What you will do. Each entry needs to be repeated exactly, with nothing added or removed.

[Phrase grounding data]
--
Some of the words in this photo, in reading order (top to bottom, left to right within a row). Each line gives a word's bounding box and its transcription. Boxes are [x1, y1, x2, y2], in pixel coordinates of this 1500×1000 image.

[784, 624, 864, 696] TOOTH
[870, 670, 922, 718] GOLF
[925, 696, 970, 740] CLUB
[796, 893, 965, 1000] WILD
--
Result.
Some of the words in this photo, in reading order (top to bottom, left to right within a row). Each line gives a word's bounding box and its transcription. Boxes are [x1, y1, x2, y2], in pixel coordinates of this 1500×1000 image.

[784, 624, 864, 696] TOOTH
[870, 670, 922, 718] GOLF
[925, 696, 970, 740] CLUB
[796, 893, 965, 1000] WILD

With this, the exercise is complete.